Page 47 - Early Naturalists of the Black Range
P. 47

  William G. Peck
Peck was with Stephen W. Kearny but left the march west to remain in New Mexico, to conduct survey work. He worked primarily in the northern part of the state, and Abert relied on his mapping and studies in that area. Peck and Abert drafted the map on the previous page together.

George Archibald McCall
During 1850, McCall served in New
Mexico as a member of the U. S. Army.
His “Some Remarks on the Habits of
Birds Met With In . . . New Mexico...”
was published in the Proceedings of
the Academy of Natural Sciences of
Philadelphia, Vol. V, pp. 213-224. He
notes (p.222) that Wild Turkey “was
found on almost every stream margined with timber...”
His Report of The Secretary of War, Communicating In compliance with a resolution of the Senate, Colonel McCall’s reports in relation to New Mexico, February 10, 1851, contains an interesting assessment of the territory. An excerpt from the report is shown above, describing the Rio Grande Valley east of the Black Range.

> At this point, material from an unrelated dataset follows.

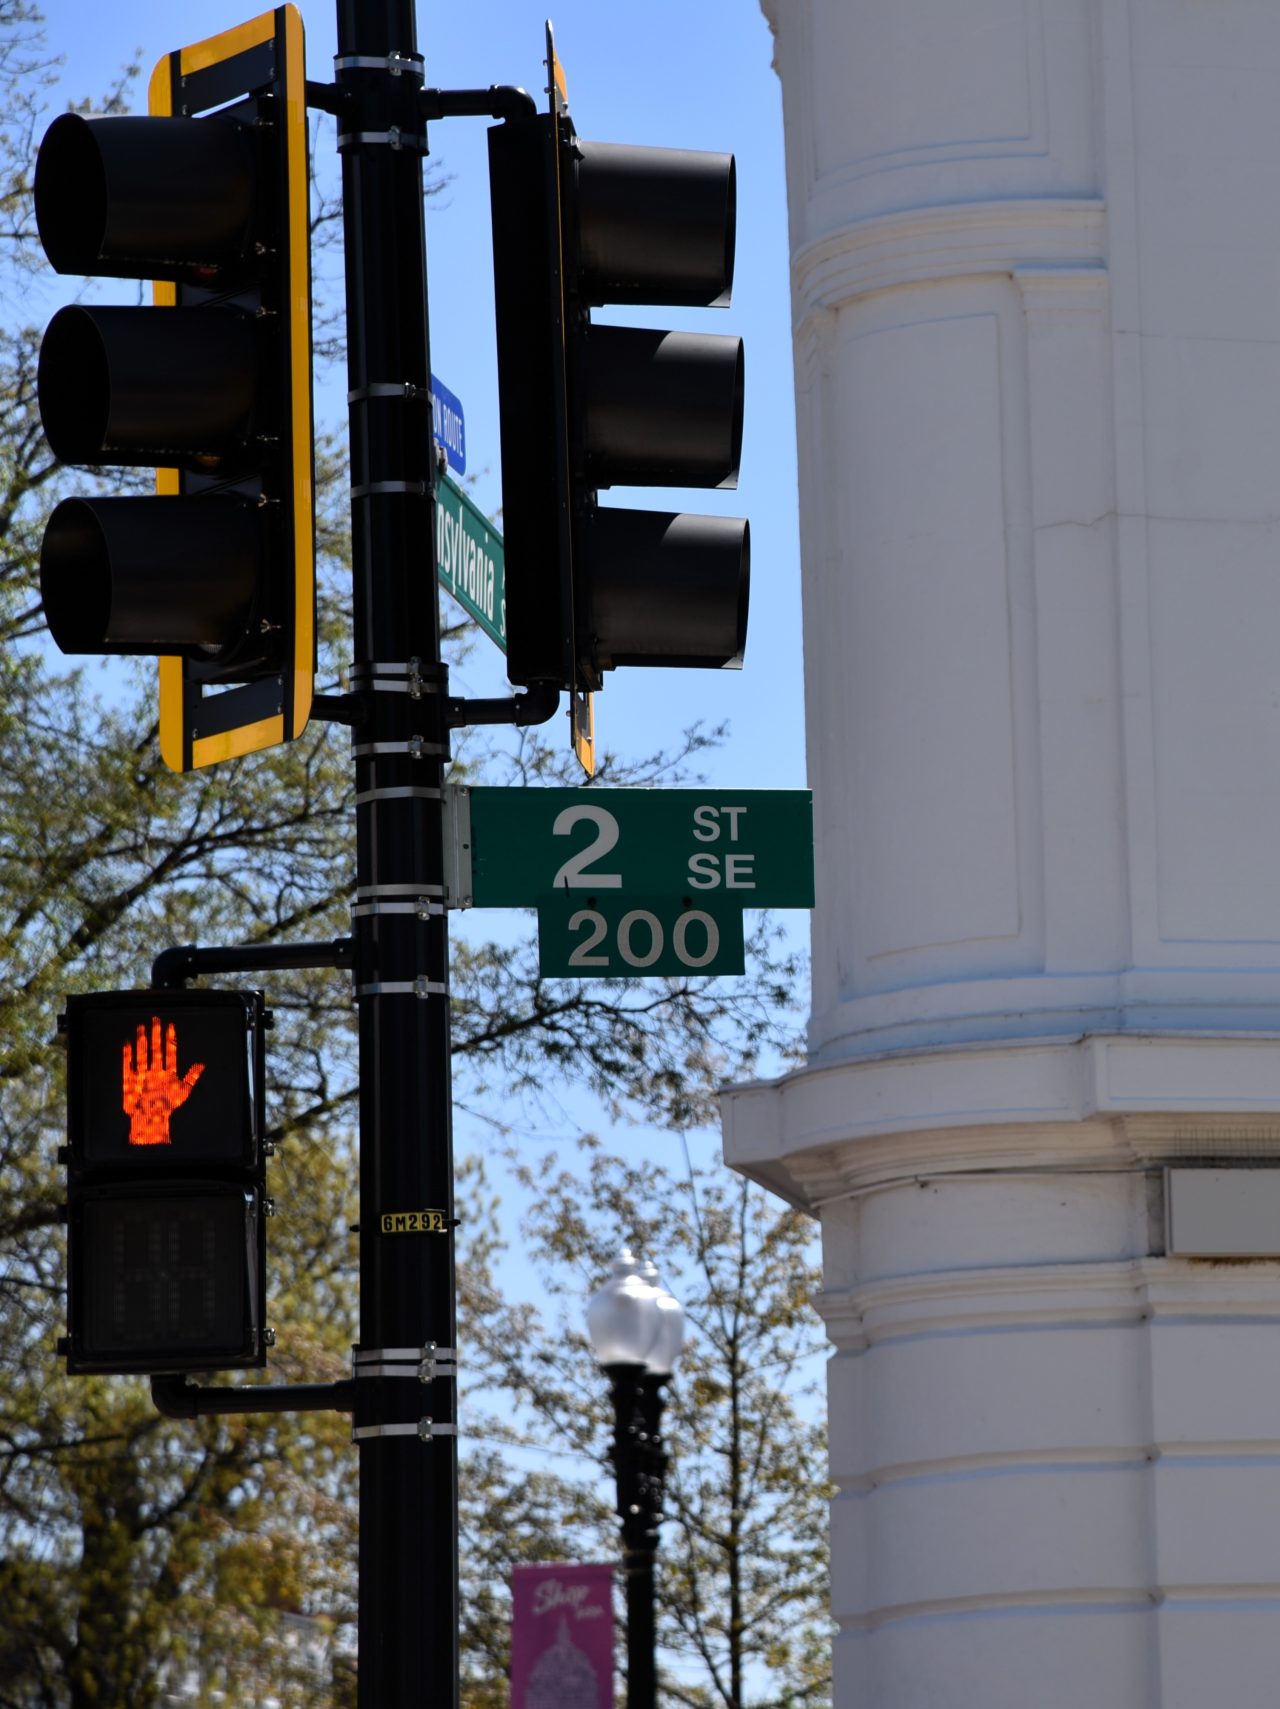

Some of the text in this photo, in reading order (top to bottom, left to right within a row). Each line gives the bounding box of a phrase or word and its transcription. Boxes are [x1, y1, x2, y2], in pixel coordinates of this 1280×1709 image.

“Report of The Secretary of War, Communicating In compliance with a resolution of the Senate, Colonel McCall’s reports in relation to New Mexico”, February 10, 1851, p. 7.
   His report was focused, primarily, on two topics. The first was an assessment of the agriculture of the territory and the possibilities of increasing agricultural production. The second was an assessment (generally hostile) of the indigenous tribes, the number of warriors, their disposition etc. - and what it would take to “reclaim” or subdue them. The latter part of the report was a cold, hard assessment of what it would take, militarily, to “civilize” the land, with or without the indigenous peoples.
Samuel Washington Woodhouse
During 1850-51, Woodhouse was a member of a U.S. Army expedition, the Lorenzo Sitgreaves Expedition, which traveled from El Paso to Santa Fe. During this expedition he collected a Scrub-Jay, the species which is now named after him (Woodhouse’s Scrub Jay). Among the species which he first described is the Cassin’s Sparrow.
A daguerreotype of Woodhouse - 1847.